Disappointing guidance for the company's enterprise security software and services business is also weighing, and it does much to raise fresh questions about the company's standing in a very competitive IT security market.
After the bell on Thursday, Symantec reported March quarter (fiscal fourth quarter) revenue of $1.23 billion and non-GAAP EPS of $0.46, beating consensus estimates of $1.19 billion and $0.39. The company's Enterprise Security revenue rose 1% annually to $620 million after adjusting for currency swings and the Oct. 2017 sale of Symantec's website security certificate business. Its Consumer Digital Safety revenue rose 6% to $614 million after adjusting for forex and the Feb. 2017 acquisition of ID theft-protection firm LifeLock.
But Symantec also guided for June quarter revenue of $1.135 billion to $1.165 billion and EPS of $0.31 to $0.35, below a consensus of $1.18 billion and $0.41. And it guided for fiscal 2019 (ends in March 2019) revenue of $4.76 billion to $4.9 billion and EPS of $1.50 to $1.65, below a consensus of $4.93 billion and $1.80.
Of course, the outlook is being overshadowed right now by Symantec's disclosure that its board's audit committee "has commenced an internal investigation in connection with concerns raised by a former employee."
The company adds the audit committee "has retained independent counsel and other advisors" to aid its investigation, that its results and guidance "may be subject to change based on the outcome of the Audit Committee investigation" and that it's unlikely that the probe will be finished in time for Symantec to file its fiscal 2018 annual report "in a timely manner."
Symantec's stock plunged more than $9 to below $20 following the news. Shares are now at their lowest levels since mid-2016, and are also back at levels first reached in 2004. At least eight sell-side research firms have issued downgrades.
While it's easy to put all of the blame for this on a whistleblower probe whose consequences could very well be serious, to do so would be to let Symantec off the hook for sales guidance that looks pretty disappointing. Particularly when one looks at the specifics.
On its earnings call, which notably featured no question-and-answer session, Symantec said its guidance implied flat June quarter and fiscal 2019 revenue growth on an organic basis. It also forecast that Enterprise Security revenue would be down by 2% on an organic basis in fiscal 2019, and an unspecified percentage in the June quarter. This will be offset by modest organic for the Consumer Digital Safety segment, which last quarter offset a small subscriber decline by growing its average revenue per user (ARPU).
In a vacuum, the Enterprise Security guidance would already look weak. But it looks worse when one remembers that corporate IT spending has been pretty strong this year, with quite a few big-name enterprise tech firms posting solid earnings reports. And it looks worse still when one remembers that security spending continues growing faster than IT spending in general, as enterprise scared of being the next victim of a major data breach make sign off on big investments in network, endpoint and cloud security products.

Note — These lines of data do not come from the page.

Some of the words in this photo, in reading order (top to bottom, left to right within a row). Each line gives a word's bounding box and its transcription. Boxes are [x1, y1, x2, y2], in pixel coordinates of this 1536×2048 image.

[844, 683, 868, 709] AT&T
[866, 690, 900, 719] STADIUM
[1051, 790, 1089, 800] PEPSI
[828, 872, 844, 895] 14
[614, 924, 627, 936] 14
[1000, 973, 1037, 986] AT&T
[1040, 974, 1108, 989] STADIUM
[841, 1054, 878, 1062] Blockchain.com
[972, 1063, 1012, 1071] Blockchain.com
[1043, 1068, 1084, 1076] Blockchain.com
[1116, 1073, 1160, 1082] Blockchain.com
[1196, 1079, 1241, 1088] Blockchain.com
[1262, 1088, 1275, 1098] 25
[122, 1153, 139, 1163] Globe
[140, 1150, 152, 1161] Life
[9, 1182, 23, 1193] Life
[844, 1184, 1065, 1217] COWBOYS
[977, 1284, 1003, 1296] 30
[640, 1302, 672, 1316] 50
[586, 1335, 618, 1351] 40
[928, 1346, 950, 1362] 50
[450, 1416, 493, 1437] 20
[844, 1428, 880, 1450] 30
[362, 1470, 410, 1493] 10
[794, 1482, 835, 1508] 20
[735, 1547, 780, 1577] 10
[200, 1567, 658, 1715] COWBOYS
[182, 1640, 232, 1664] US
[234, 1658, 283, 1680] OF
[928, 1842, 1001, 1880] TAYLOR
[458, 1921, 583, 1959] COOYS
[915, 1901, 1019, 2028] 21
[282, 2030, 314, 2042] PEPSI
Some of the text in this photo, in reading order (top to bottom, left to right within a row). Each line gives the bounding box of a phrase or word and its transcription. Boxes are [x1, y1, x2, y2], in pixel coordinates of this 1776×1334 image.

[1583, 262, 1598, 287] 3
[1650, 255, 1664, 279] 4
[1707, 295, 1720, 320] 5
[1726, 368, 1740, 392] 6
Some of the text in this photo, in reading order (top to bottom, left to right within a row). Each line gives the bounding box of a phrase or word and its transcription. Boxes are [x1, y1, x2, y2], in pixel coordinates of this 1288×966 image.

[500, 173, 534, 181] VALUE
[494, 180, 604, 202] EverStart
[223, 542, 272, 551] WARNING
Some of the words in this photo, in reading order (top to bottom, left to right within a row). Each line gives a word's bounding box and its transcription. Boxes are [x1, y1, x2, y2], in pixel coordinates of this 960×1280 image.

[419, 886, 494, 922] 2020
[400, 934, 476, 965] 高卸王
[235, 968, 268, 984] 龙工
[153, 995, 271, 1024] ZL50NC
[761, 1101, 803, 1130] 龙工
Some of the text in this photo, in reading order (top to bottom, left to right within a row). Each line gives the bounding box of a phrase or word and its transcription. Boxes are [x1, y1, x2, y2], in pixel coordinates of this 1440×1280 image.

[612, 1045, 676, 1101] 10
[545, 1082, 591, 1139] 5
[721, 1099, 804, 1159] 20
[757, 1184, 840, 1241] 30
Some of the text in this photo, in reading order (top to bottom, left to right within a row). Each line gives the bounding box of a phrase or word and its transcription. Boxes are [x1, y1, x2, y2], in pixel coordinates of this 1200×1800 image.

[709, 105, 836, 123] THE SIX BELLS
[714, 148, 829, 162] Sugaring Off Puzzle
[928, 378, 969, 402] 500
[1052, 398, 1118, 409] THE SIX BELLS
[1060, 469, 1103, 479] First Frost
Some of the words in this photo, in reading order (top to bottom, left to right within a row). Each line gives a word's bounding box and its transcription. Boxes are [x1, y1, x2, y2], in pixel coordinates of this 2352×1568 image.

For a while, there was optimism among investors that Symantec could hold its own in this environment, even if its organic Enterprise Security growth wasn't exactly stellar. The company's $4.65 billion 2016 purchase of peer Blue Coat (a major player in the secure web gateway hardware/software market) was well-received, and a salesforce restructuring carried out last year appeared to be paying dividends.
But it's safe to say that much of this optimism is gone following Symantec's latest guidance, which suggests the company will lose meaningful enterprise share between now and March 2019. BTIG's Joel Fishbein, who downgraded Symantec to Neutral last night, says the outlook makes his firm wonder "what, beyond accounting changes, is going on in the [Enterprise Security] business."
From the outside looking in, it seems as if a lack of focus could be hurting Symantec. The company's security product line is enormous, covering everything from gateways to e-mail encryption to malware analysis to forensics to risk analytics. This puts Symantec in competition with many security pure-plays that have been growing rapidly (think Palo Alto Networks (PANW - Get Report) or Proofpoint (PFPT - Get Report) ), as well as IT giants who have made growing security sales a major priority (think IBM (IBM - Get Report) or Cisco Systems (CSCO - Get Report) ).
Possibly making the situation worse: There has been a deluge of funding for security tech startups in recent years -- startups who have been using that capital to aggressively hire salespeople and compete for enterprise deals. This year has already seen two notable security tech IPOs -- Zscaler (ZS - Get Report) and Carbon Black (CBLK) -- and more are likely on the way.
There don't seem to be any easy fixes that Symantec can apply to put its Enterprise Security business on better footing in such a competitive environment. And the fact that management has to deal with an audit committee probe while it looks for answers is bound to make things even harder.